▶ [WHAT THE EXERCISE ASKS]: Repeat the records exactly. Leave out the pictures.

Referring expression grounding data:
******************************

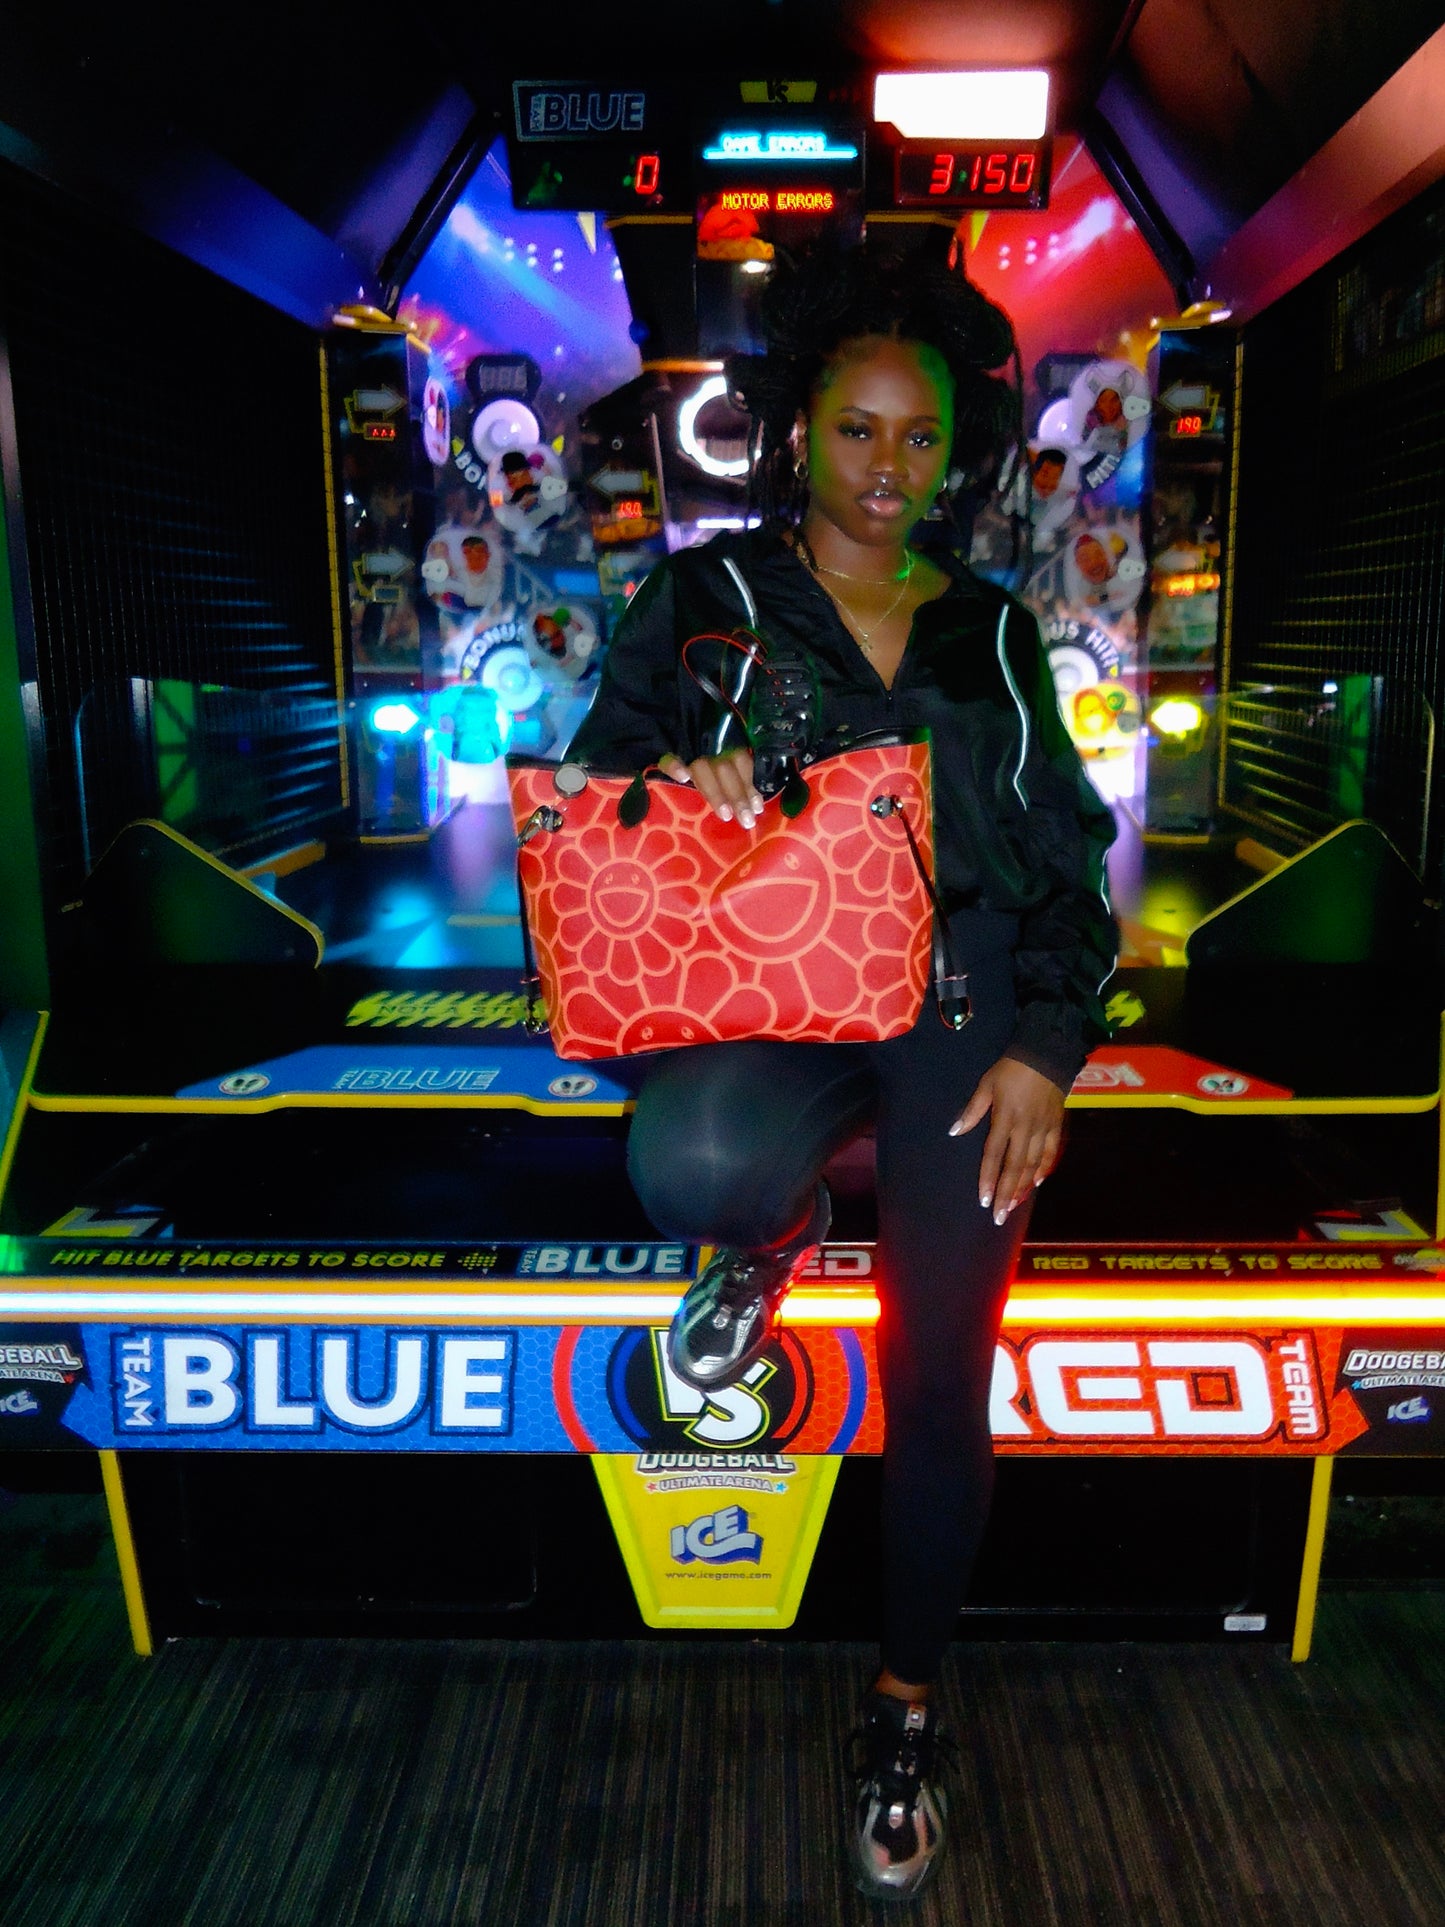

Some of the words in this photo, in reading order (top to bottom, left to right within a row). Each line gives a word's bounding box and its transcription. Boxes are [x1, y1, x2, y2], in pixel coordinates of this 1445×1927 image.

[545, 93, 645, 131] BLUE
[634, 155, 660, 194] 0
[929, 154, 1035, 194] 3150
[722, 192, 769, 210] MOTOR
[775, 192, 834, 210] ERRORS
[348, 1070, 500, 1090] BLUE
[50, 1251, 102, 1265] HIT
[103, 1252, 174, 1266] BLUE
[180, 1252, 301, 1267] TARGETS
[308, 1252, 344, 1267] TO
[355, 1252, 446, 1268] SCORE
[520, 1249, 538, 1273] TEAM
[535, 1248, 685, 1274] BLUE
[1032, 1256, 1090, 1270] RED
[1100, 1255, 1231, 1271] TARGETS
[1239, 1255, 1279, 1270] TO
[1287, 1255, 1383, 1271] SCORE
[1347, 1352, 1445, 1371] DODGEB
[122, 1337, 152, 1427] TEAM
[164, 1339, 506, 1428] BLUE
[1280, 1339, 1317, 1435] TEAM
[1387, 1397, 1430, 1421] ICE
[638, 1454, 795, 1472] DODGEBALL
[659, 1475, 724, 1491] ULTIMATE
[725, 1475, 774, 1492] ARENA
[671, 1504, 764, 1565] ICE
[665, 1571, 772, 1581] www.icegame.com
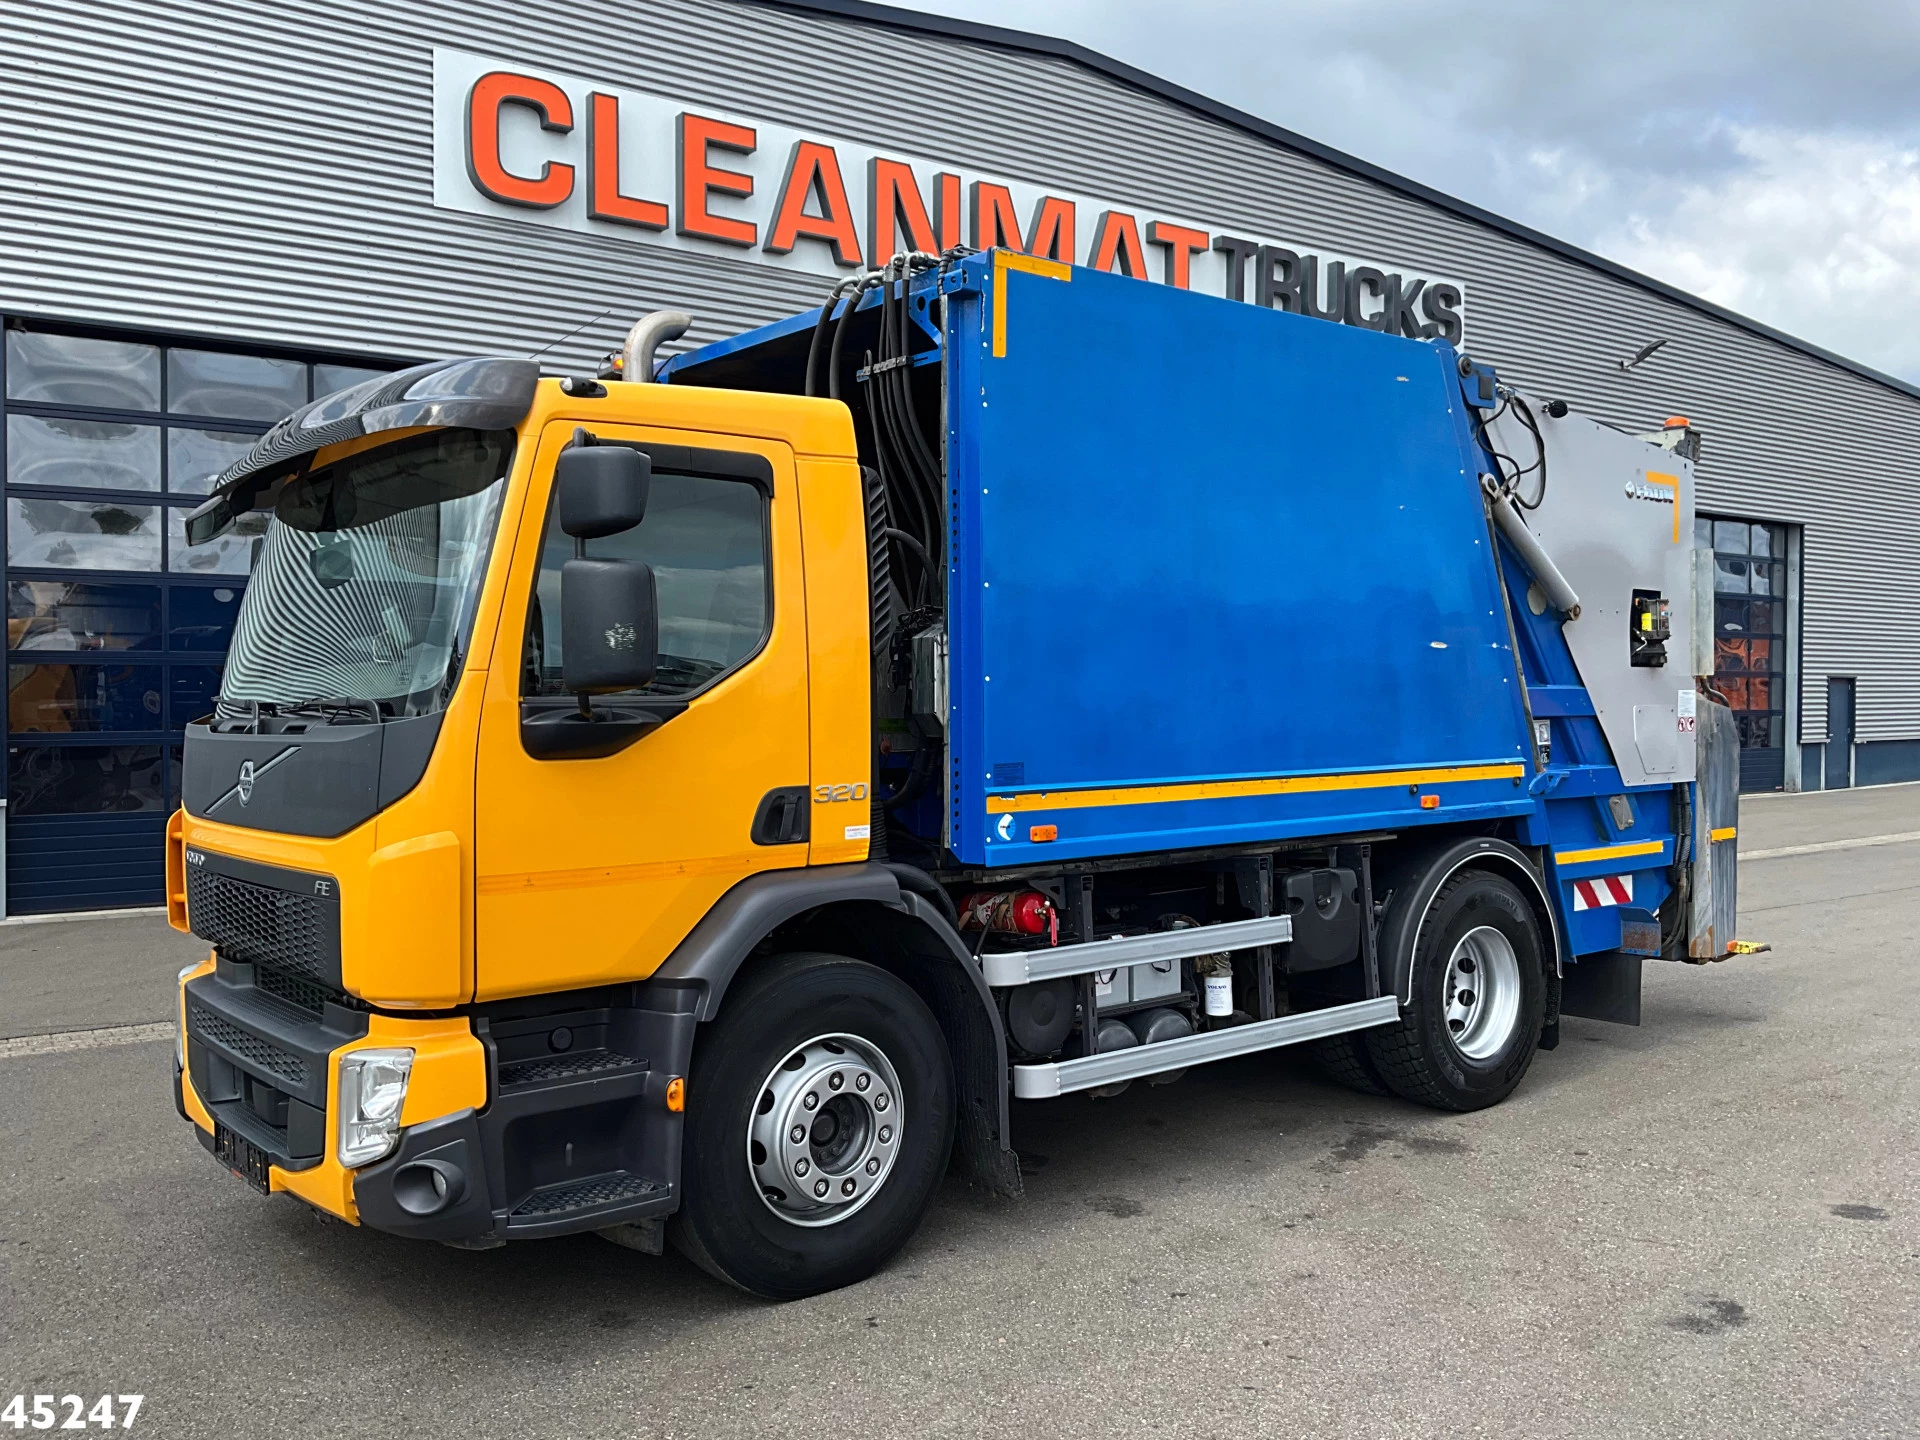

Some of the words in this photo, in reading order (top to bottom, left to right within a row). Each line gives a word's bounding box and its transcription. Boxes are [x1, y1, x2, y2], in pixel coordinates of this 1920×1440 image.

[465, 70, 1209, 290] CLEANMAT
[1213, 235, 1463, 346] TRUCKS
[814, 782, 868, 803] 320
[314, 880, 331, 896] FE
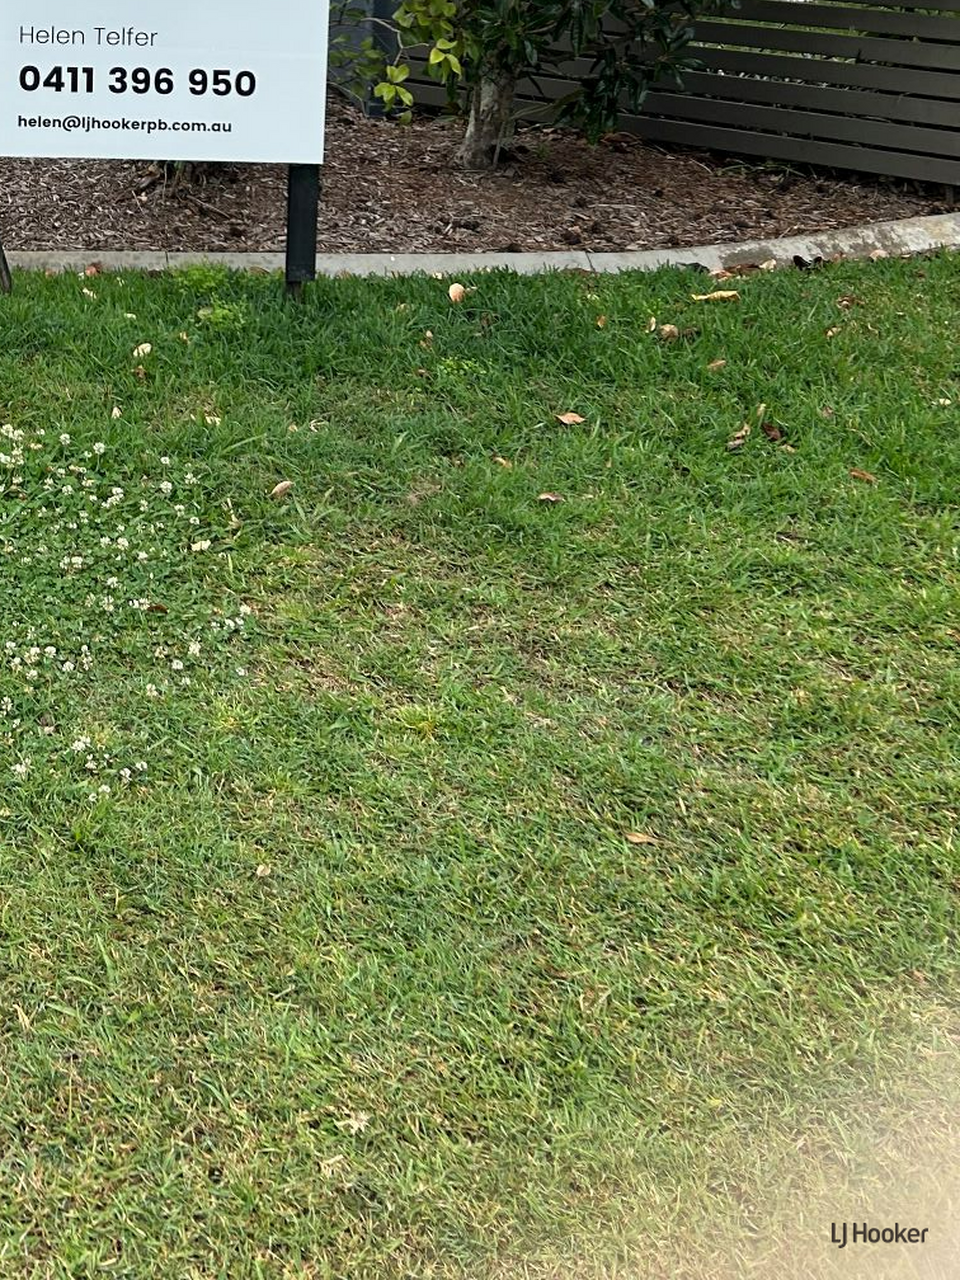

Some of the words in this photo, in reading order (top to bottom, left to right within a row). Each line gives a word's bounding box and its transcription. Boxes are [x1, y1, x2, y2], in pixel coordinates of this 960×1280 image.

******************************

▶ [YOUR SOLUTION]:
Some of the words in this photo, in reading order (top to bottom, left to right within a row). Each line gives a word's bounding box and its transcription. Boxes are [x1, y1, x2, y2], in pixel coordinates of this 1445×1927 image.

[545, 93, 645, 131] BLUE
[634, 155, 660, 194] 0
[929, 154, 1035, 194] 3150
[722, 192, 769, 210] MOTOR
[775, 192, 834, 210] ERRORS
[348, 1070, 500, 1090] BLUE
[50, 1251, 102, 1265] HIT
[103, 1252, 174, 1266] BLUE
[180, 1252, 301, 1267] TARGETS
[308, 1252, 344, 1267] TO
[355, 1252, 446, 1268] SCORE
[520, 1249, 538, 1273] TEAM
[535, 1248, 685, 1274] BLUE
[1032, 1256, 1090, 1270] RED
[1100, 1255, 1231, 1271] TARGETS
[1239, 1255, 1279, 1270] TO
[1287, 1255, 1383, 1271] SCORE
[1347, 1352, 1445, 1371] DODGEB
[122, 1337, 152, 1427] TEAM
[164, 1339, 506, 1428] BLUE
[1280, 1339, 1317, 1435] TEAM
[1387, 1397, 1430, 1421] ICE
[638, 1454, 795, 1472] DODGEBALL
[659, 1475, 724, 1491] ULTIMATE
[725, 1475, 774, 1492] ARENA
[671, 1504, 764, 1565] ICE
[665, 1571, 772, 1581] www.icegame.com

Some of the words in this photo, in reading order (top to bottom, left to right within a row). Each line gives a word's bounding box and its transcription. Boxes are [x1, y1, x2, y2], in pixel coordinates of this 1920×1440 image.

[465, 70, 1209, 290] CLEANMAT
[1213, 235, 1463, 346] TRUCKS
[814, 782, 868, 803] 320
[314, 880, 331, 896] FE

Some of the words in this photo, in reading order (top to bottom, left to right within a row). Each line gives a word's bounding box and its transcription. Boxes are [x1, y1, x2, y2], in pixel coordinates of this 960×1280 image.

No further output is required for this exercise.